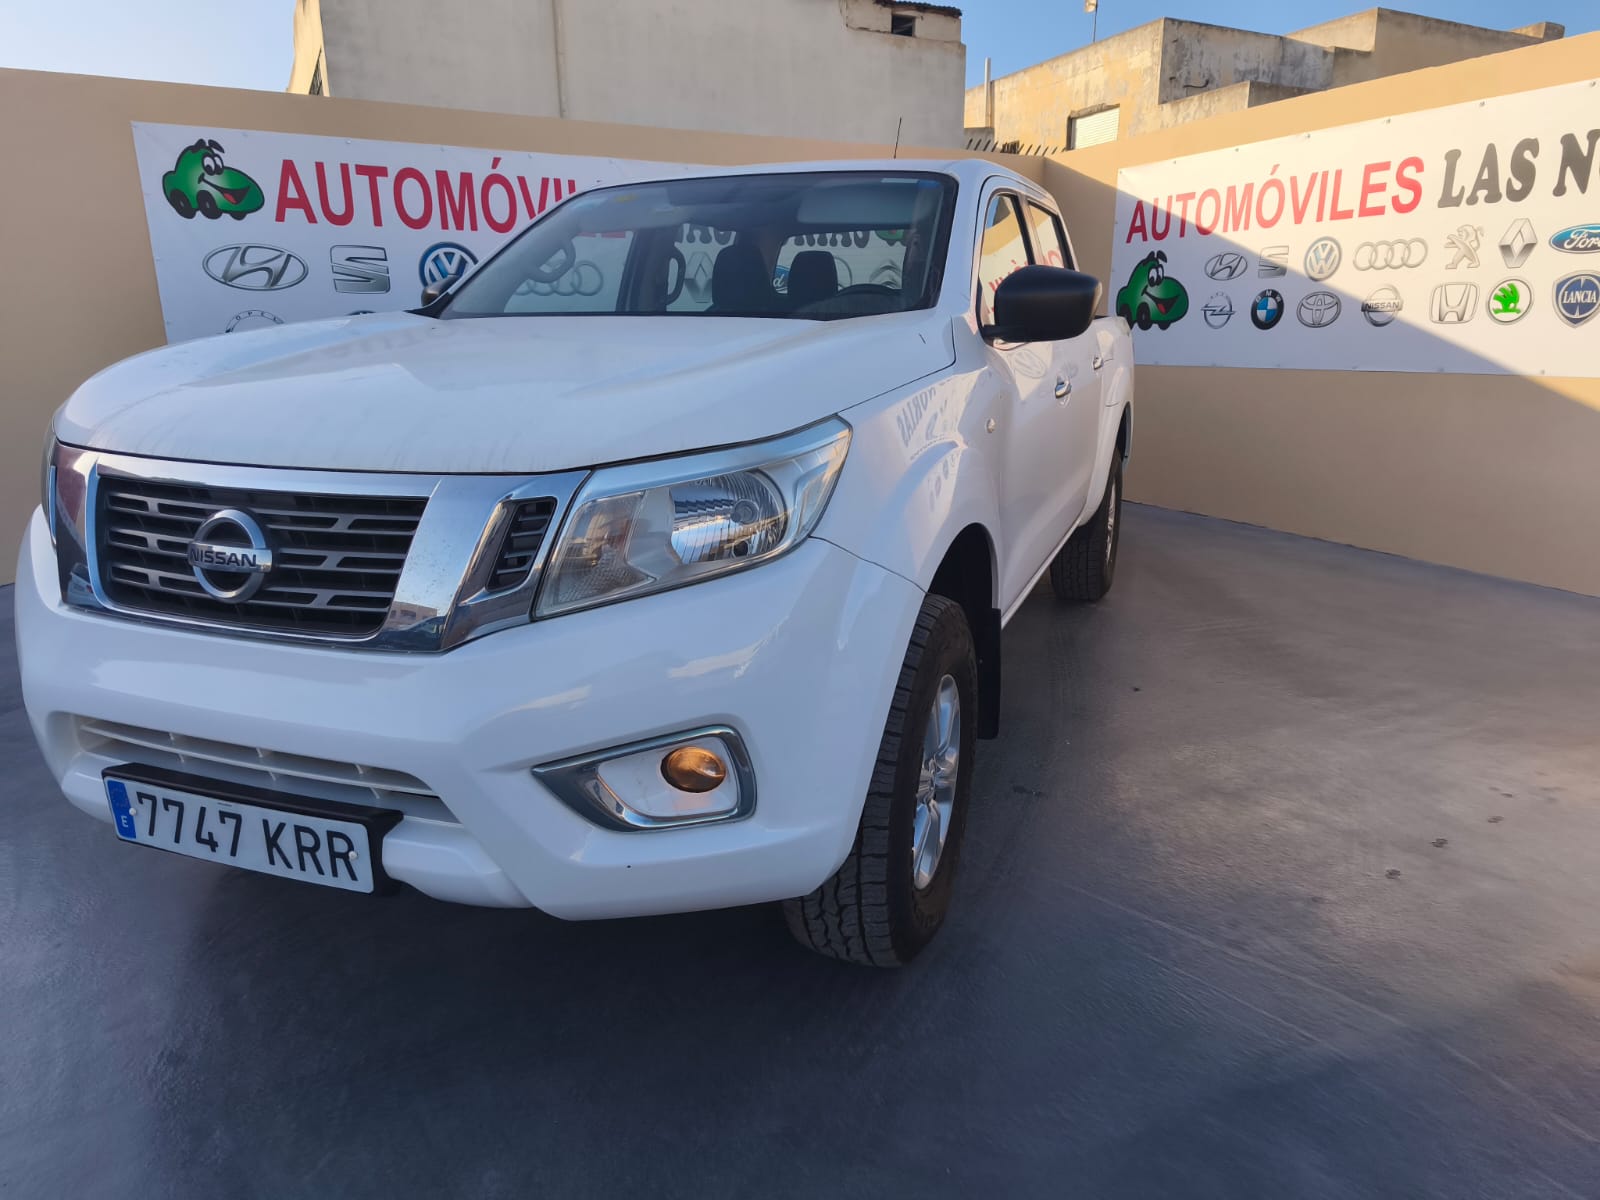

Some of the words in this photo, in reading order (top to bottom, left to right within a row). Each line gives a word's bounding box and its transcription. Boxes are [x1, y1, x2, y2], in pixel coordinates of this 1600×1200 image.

[274, 157, 577, 234] AUTOMÓV
[1126, 156, 1425, 244] AUTOMÓVILES
[1437, 137, 1540, 208] LAS
[1552, 128, 1600, 197] N
[1563, 228, 1600, 250] For
[1365, 301, 1400, 310] NISSAN
[1562, 290, 1597, 304] LANCIA
[189, 547, 257, 568] NISSAN
[120, 815, 129, 828] E
[135, 791, 243, 857] 7747
[261, 818, 359, 882] KRR
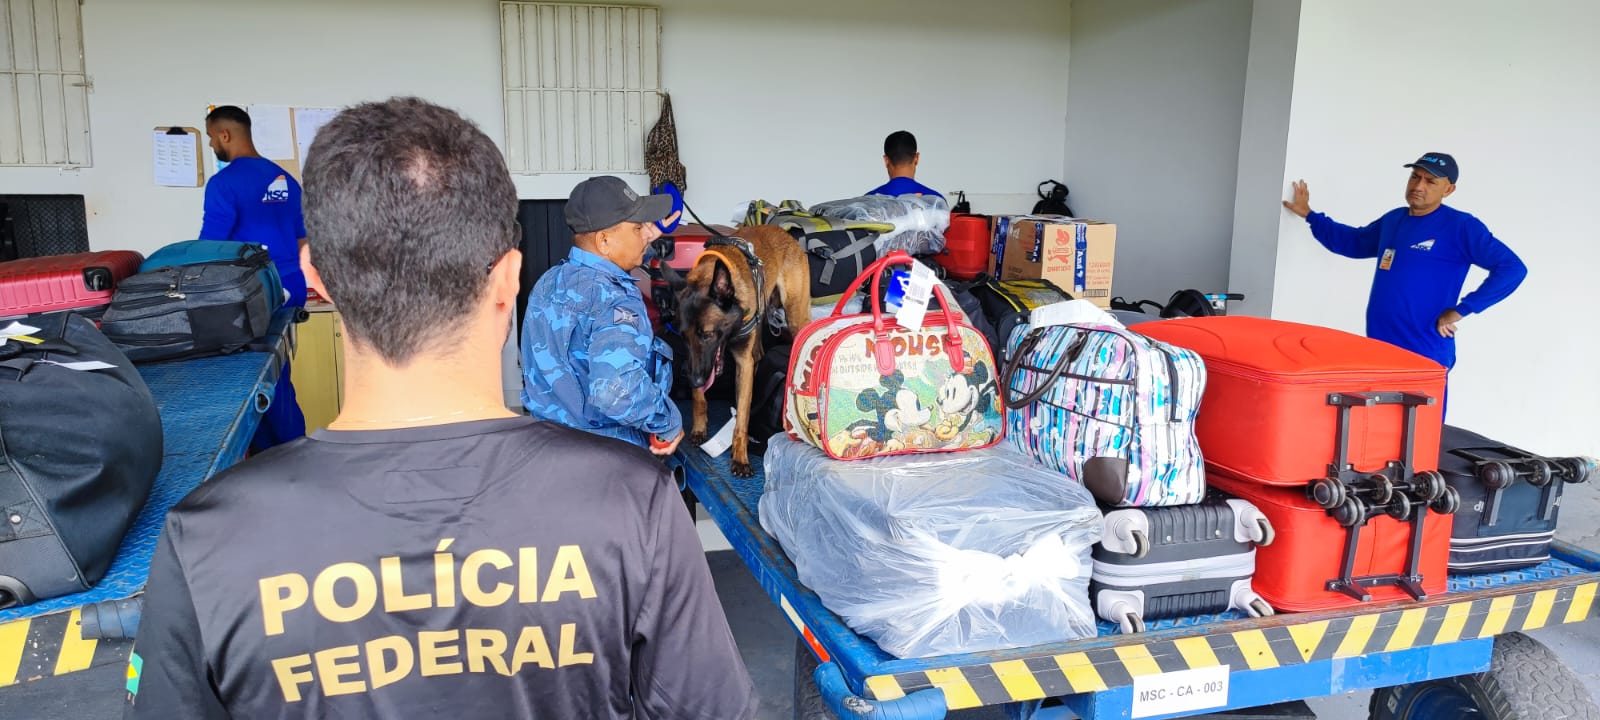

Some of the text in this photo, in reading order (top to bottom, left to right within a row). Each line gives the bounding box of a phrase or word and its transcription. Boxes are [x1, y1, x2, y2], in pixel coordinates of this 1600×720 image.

[259, 538, 597, 636] POLÍCIA
[271, 623, 595, 702] FEDERAL
[1140, 688, 1166, 702] MSC
[1177, 685, 1193, 697] CA
[1203, 680, 1223, 694] 003
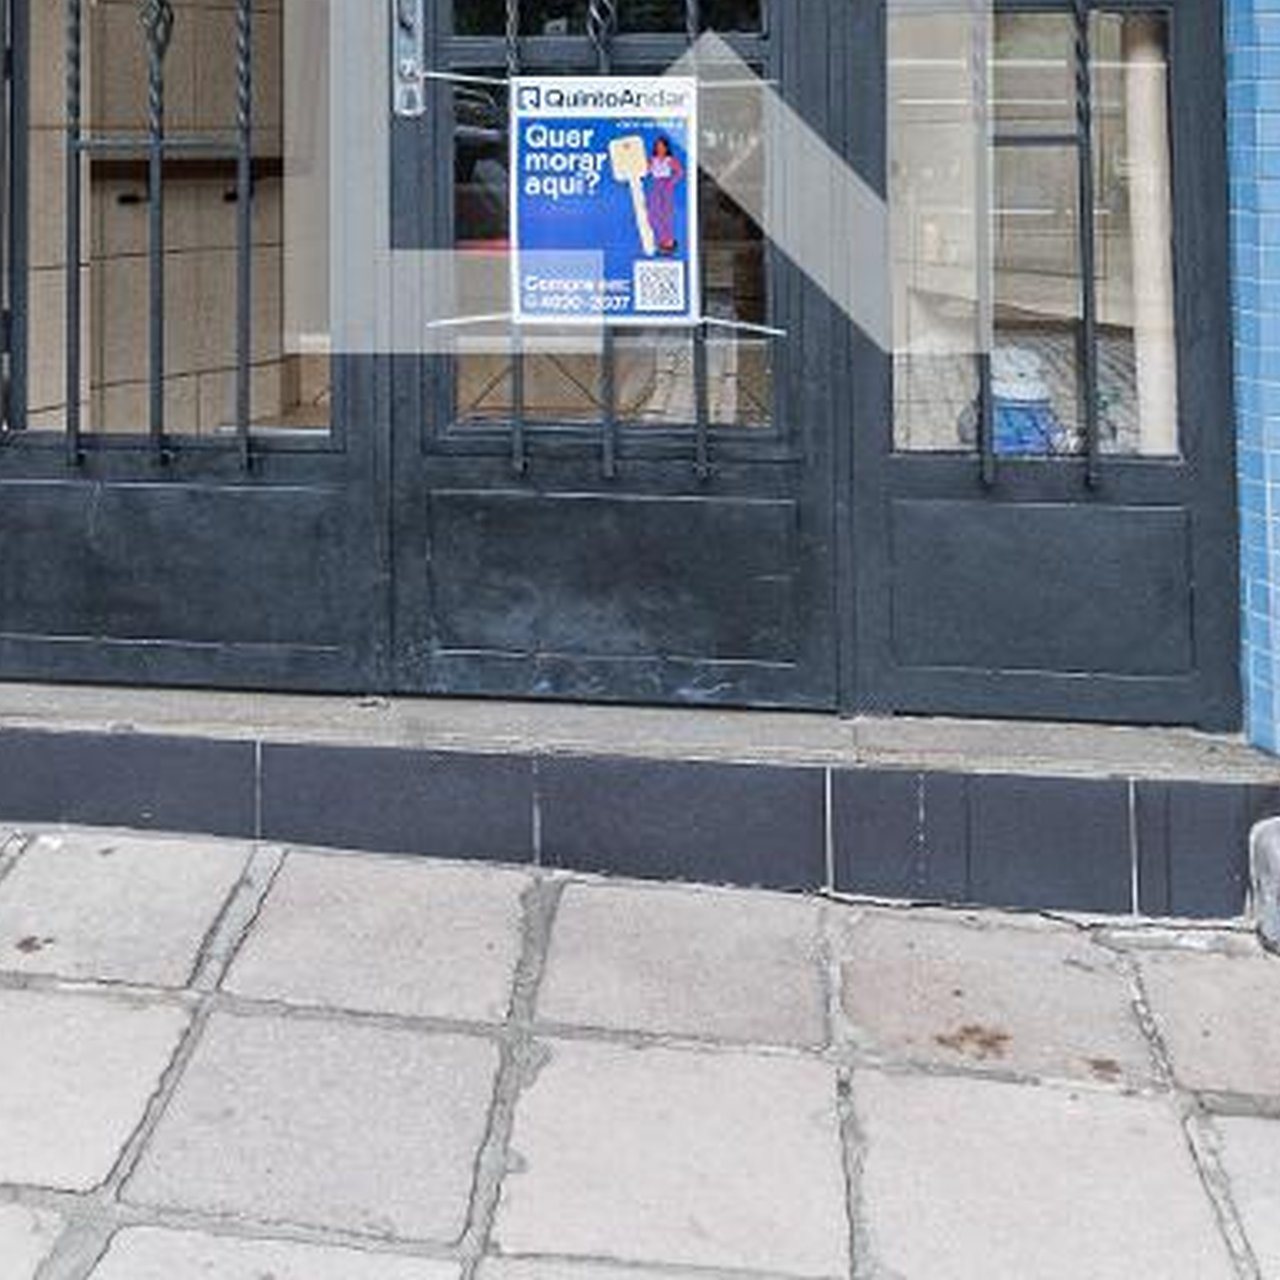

**What is required**
What is needed here is an exact transcript of the data above, pictures excluded.

**Response to this task**
Some of the words in this photo, in reading order (top to bottom, left to right within a row). Each line gives a word's bounding box and its transcription. Boxes are [x1, y1, x2, y2], in pixel coordinates of this 1600×1200 image.

[274, 157, 577, 234] AUTOMÓV
[1126, 156, 1425, 244] AUTOMÓVILES
[1437, 137, 1540, 208] LAS
[1552, 128, 1600, 197] N
[1563, 228, 1600, 250] For
[1365, 301, 1400, 310] NISSAN
[1562, 290, 1597, 304] LANCIA
[189, 547, 257, 568] NISSAN
[120, 815, 129, 828] E
[135, 791, 243, 857] 7747
[261, 818, 359, 882] KRR

Some of the text in this photo, in reading order (top to bottom, left to right within a row). Each line gives the bounding box of a phrase or word and its transcription. Boxes are [x1, y1, x2, y2], in pixel coordinates of this 1600×720 image.

[259, 538, 597, 636] POLÍCIA
[271, 623, 595, 702] FEDERAL
[1140, 688, 1166, 702] MSC
[1177, 685, 1193, 697] CA
[1203, 680, 1223, 694] 003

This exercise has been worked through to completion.